Wichard von Alvensleben befreite Geiseln aus den Fängen der SS (c) Marco Wagner

Wehrmachtsoffizier Wichard von Alvensleben stellte sich 1945 gegen die SS, um 
dieser berühmte Sonder­häftlinge abzuverlangen. 
Damit rettete er ihnen 
das Leben

Es ist der Abend des 29. April 1945, als in der Südtiroler Gemeinde Sexten im Hotel „Drei Zinnen“ das Telefon klingelt. Hauptmann ​
Wichard von Alvensleben hebt ab. Am anderen Ende ist das Oberkommando der Wehrmacht in Italien. Der Anrufer berichtet von 139 Sonder- und Sippenhäftlingen, die die SS unter Führung von Obersturmführer Edgar Stiller und Untersturmführer Ernst Bader im nahe gelegenen Niederdorf festhält. Darunter der evangelische Theologe und Widerstandskämpfer ­
Martin Niemöller, der ehema­lige öster­reichische Bundeskanzler Kurt von Schuschnigg und Mitglieder der Familie von Stauffenberg. Alvens­leben soll die Geiseln übernehmen und beschützen.

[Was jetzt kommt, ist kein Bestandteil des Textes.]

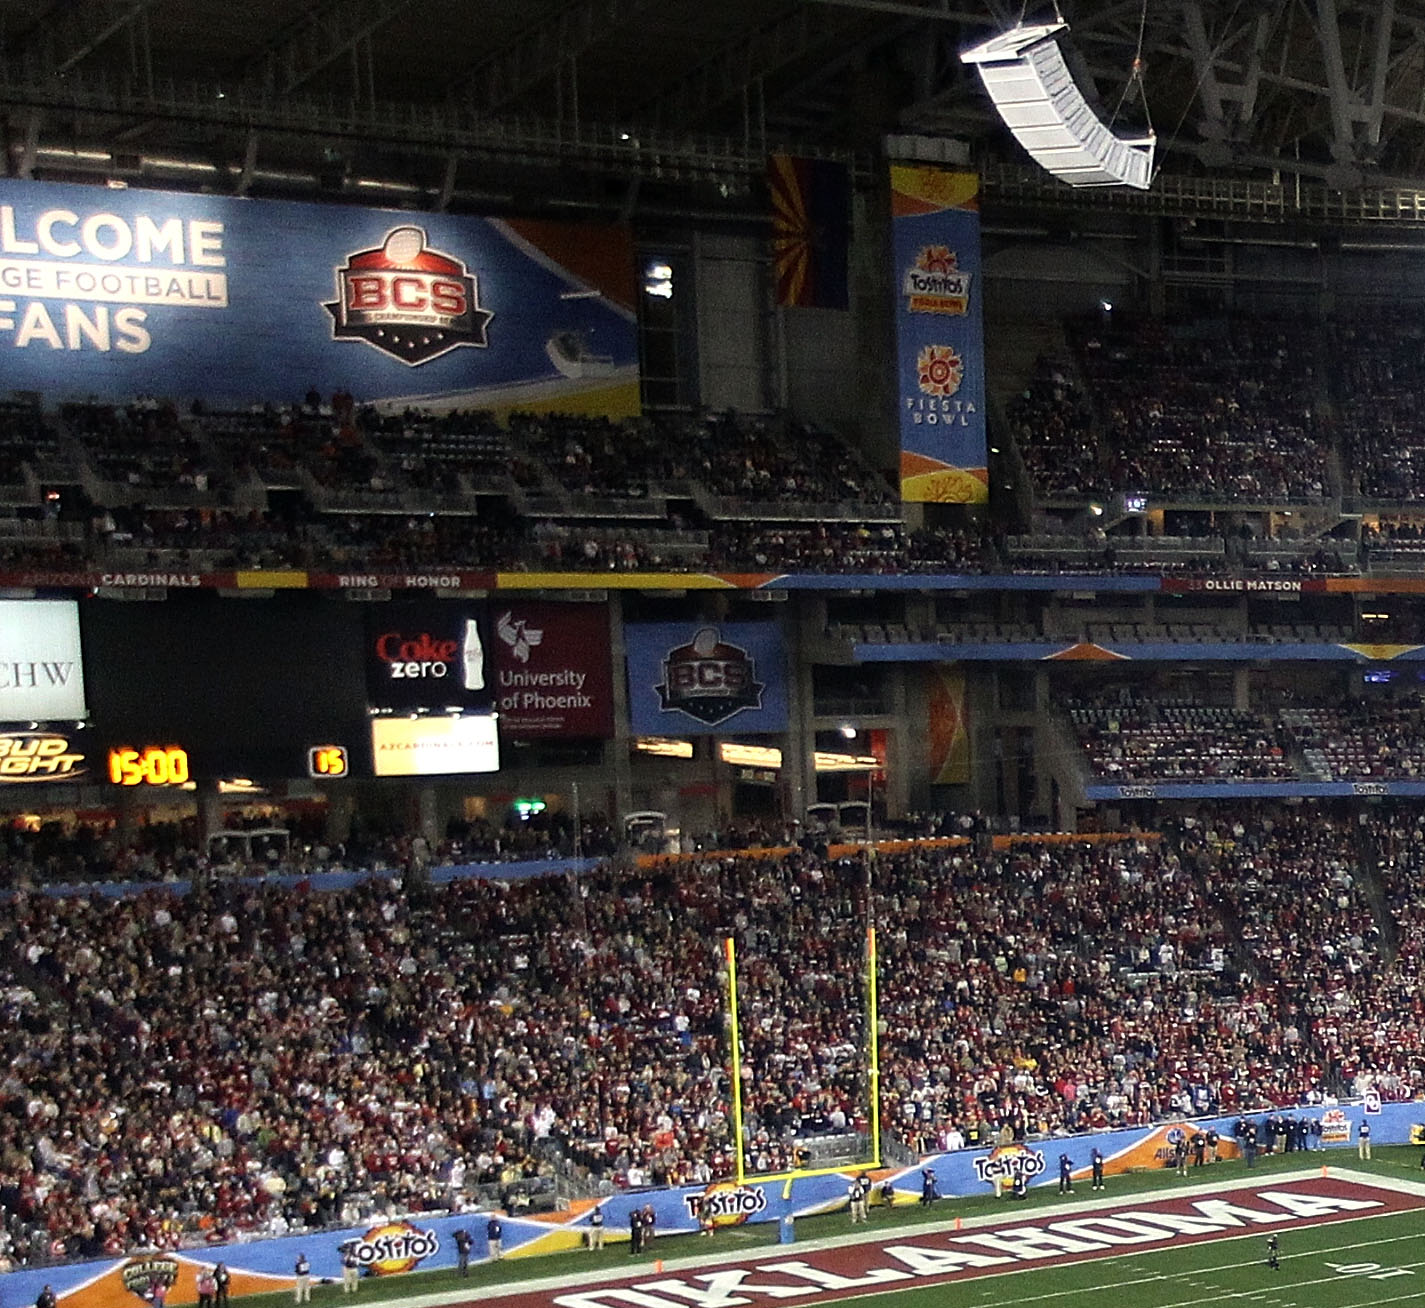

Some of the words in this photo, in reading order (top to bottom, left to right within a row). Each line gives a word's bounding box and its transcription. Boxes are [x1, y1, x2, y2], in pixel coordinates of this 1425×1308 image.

"Bleib tapfer und der treue Gott behüte Euch!"

Für die SS sind die prominenten Geiseln ein wertvolles Unterpfand für potenzielle Verhandlungen mit den Alliierten. Ernst Kaltenbrunner, Chef des Reichssicherheitshauptamtes, hat befohlen, die Sonderhäftlinge aus ­süddeutschen KZs nach Südtirol zu bringen. Gesichert ist ihr Überleben nicht: Sie sind zugleich Belastungszeugen. „Liebste Frau, die Verschleppung nach dem Süden ­beginnt. Unser Ziel wissen wir nicht. Bleib tapfer für unsere Kinder, und der treue Gott behüte Euch!“, schreibt Niemöller in einem Brief, als der Tross Ende April von Dachau in die Alpen fährt. Eine tagelange Irrfahrt beginnt. Die Gefangenen befürchten ständig, dass ihre Bewacher sie an der nächsten Straßenecke exekutieren. Dann strandet der Transport in Niederdorf. Die Geiseln werden auf Notquartiere verteilt und bewacht.

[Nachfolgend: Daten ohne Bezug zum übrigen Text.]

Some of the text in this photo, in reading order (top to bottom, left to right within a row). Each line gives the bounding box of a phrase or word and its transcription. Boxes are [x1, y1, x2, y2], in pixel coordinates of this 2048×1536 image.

Wichard von Alvensleben wird 1902 auf Gut Wittenmoor in Sachsen-
Anhalt geboren. Als Spross einer altpreußischen Adelsdynastie besucht er Klosterschulen und die Ritteraka­demie in Brandenburg. Nach dem Abitur beginnt er 1921 eine forstwirtschaftliche Ausbildung und studiert in Eberswalde und München. Ein Nachkomme beschreibt ihn als tiefgläubig und pflichtbewusst. Alvensleben stand schon vor Kriegsende vor den Trümmern seiner Existenz: Die Rote Armee hatte Ende Januar 1945 den ­Familiensitz Tankow (heute: Danków in Polen) eingenommen und das Schloss niedergebrannt. Alvenslebens Ehefrau Cora hatte sich erschossen.

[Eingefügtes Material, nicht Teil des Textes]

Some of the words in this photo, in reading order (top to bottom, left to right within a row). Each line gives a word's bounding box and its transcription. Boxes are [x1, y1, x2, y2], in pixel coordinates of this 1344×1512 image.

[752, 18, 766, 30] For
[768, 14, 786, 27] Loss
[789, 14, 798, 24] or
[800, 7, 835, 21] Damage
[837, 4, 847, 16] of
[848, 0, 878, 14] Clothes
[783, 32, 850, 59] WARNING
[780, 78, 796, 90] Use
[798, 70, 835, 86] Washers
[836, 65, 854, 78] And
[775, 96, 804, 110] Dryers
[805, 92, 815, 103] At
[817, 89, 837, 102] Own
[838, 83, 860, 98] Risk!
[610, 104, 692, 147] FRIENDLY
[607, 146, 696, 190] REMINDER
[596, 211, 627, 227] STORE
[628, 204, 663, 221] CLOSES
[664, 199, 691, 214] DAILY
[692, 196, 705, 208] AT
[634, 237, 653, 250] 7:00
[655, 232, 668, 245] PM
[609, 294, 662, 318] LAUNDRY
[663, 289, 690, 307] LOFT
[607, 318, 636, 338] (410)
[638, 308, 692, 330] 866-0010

Unbegreiflich, dass die Henkergruppe klein beigab

Um Mitternacht erreicht Alvensleben Niederdorf und trifft den SS-Mann Stiller, der ihm die Lage schildert. Am nächsten Morgen fordert er Bader auf, den Auftrag als erledigt zu betrachten. Doch Bader, von einigen Geiseln als „übler Bursche“ geschildert, zögert. Sein Auftrag sei erst erledigt, wenn die Gefangenen gestorben seien. Ein Machtspiel beginnt. Alvensleben stehen 86 nervöse SS-Männer gegenüber. Zur Verstärkung ruft er 15 Soldaten zu sich, doch die Situation bleibt angespannt. Der Offizier traut der SS nicht, das Kräfteverhältnis ist unausgewogen. Also beschließt er eigen­mächtig, die SS festzusetzen, fordert 150 Soldaten an und befiehlt, den Dorfplatz zu umstellen. Als Bader und Stiller fliehen wollen, werden sie von der Wehrmacht aufgehalten. Wutentbrannt stürmen sie zu Alvensleben und rufen: „Wenn Ihre Leute von der Waffe Gebrauch machen, wird die SS auch schießen!“ Doch Alvensleben zwingt das SS-Kommando, auf Lastwagen zu steigen und abzufahren.


Niemöller, der später Kirchenpräsi­dent in Hessen und Nassau war, er­innert sich, dass es beim Abzug der SS „außerordentlich erregt“ zuging. ­
Es sei ihm unbegreiflich, dass die „Henkergruppe“ klein beigab und abzog. Alvensleben habe durch seinen entschlossenen Einsatz „dem gesamten Gefangenentransport das Leben gerettet“. Der Hauptmann lässt die Geiseln in das Hotel „Pragser Wildsee“ bringen. Alvensleben deutete sein mutiges Handeln religiös, wie er 1964 in einem Brief an Niemöller schreibt. Es sei kein Zufall gewesen, sondern „Fügung und Führung durch das Walten außerweltlicher Kräfte, die wir Christen als Gott bezeichnen“.